##### Material supplied

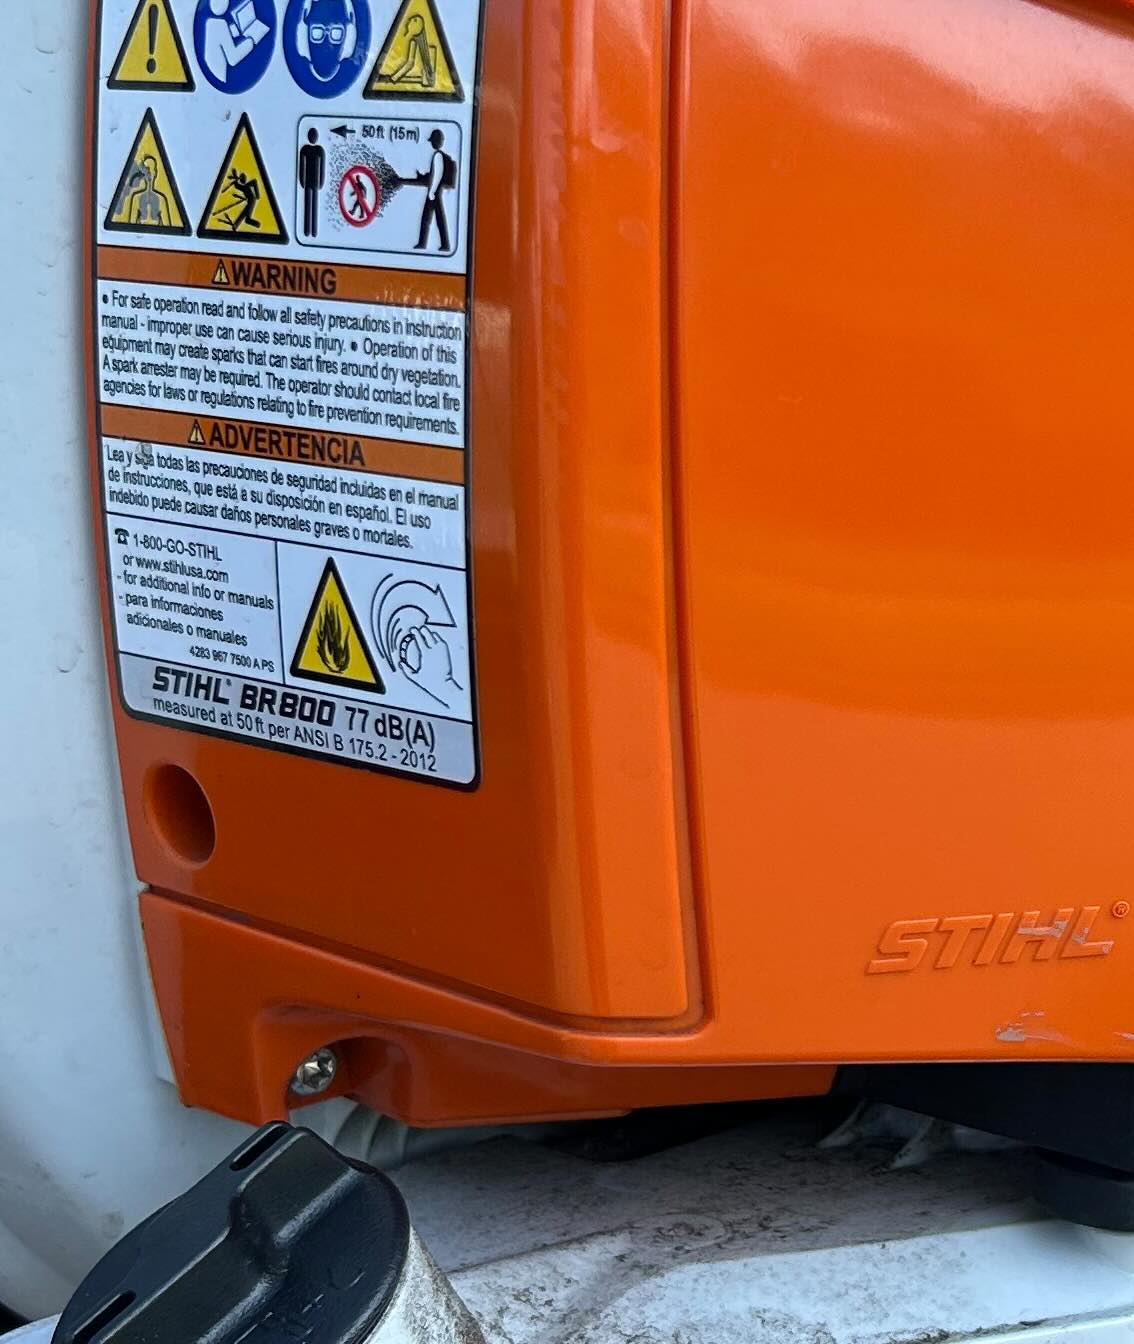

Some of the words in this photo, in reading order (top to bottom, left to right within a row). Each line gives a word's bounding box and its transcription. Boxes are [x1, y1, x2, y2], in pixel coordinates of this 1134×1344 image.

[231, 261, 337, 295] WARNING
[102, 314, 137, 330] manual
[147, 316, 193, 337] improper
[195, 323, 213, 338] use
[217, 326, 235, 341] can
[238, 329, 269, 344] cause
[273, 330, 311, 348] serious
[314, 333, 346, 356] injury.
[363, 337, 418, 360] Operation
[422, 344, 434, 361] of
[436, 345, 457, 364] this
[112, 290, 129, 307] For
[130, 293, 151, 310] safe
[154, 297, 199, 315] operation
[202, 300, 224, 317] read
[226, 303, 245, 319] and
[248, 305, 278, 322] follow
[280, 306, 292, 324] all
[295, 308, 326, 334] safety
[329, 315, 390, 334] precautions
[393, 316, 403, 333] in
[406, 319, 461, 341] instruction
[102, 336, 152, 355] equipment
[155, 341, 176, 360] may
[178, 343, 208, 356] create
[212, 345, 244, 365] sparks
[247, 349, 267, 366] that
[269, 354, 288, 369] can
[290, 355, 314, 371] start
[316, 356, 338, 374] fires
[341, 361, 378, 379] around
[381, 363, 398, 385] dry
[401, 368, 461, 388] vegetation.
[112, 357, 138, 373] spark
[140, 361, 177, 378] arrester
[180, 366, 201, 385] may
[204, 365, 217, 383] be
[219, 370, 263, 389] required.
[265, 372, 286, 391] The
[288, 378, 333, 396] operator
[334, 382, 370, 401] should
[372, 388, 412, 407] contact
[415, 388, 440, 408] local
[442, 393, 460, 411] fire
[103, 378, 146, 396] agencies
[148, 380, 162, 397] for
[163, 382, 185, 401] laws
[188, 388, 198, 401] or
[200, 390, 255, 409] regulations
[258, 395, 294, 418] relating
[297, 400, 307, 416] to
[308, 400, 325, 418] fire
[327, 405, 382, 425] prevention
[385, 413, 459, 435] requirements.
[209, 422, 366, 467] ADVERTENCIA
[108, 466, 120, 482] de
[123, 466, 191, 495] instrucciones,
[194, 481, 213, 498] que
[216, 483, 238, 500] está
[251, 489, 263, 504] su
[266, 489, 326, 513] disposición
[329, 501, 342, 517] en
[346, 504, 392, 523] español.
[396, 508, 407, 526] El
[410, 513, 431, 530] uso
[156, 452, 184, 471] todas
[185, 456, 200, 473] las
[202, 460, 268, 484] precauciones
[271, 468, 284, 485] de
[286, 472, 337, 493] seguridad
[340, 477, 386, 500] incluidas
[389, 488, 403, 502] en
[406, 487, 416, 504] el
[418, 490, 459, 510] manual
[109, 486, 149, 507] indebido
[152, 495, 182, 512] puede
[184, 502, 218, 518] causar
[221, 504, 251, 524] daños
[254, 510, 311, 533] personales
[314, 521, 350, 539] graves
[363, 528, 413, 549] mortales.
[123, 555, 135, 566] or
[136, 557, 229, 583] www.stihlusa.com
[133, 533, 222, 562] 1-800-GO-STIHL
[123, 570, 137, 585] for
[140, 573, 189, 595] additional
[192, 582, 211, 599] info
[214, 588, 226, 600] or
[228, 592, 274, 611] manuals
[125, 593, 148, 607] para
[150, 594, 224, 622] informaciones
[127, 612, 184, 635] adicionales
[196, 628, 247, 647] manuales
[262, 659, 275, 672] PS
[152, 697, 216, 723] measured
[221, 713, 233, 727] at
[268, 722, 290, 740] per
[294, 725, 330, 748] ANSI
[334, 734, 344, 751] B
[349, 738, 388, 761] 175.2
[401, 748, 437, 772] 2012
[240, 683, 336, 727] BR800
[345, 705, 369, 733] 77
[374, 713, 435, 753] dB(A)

##########

### Action item
Find the lines above holding the word "this" and show them.

### Answer space
Some of the words in this photo, in reading order (top to bottom, left to right within a row). Each line gives a word's bounding box and its transcription. Boxes are [x1, y1, x2, y2], in pixel coordinates of this 1134×1344 image.
[436, 345, 457, 364] this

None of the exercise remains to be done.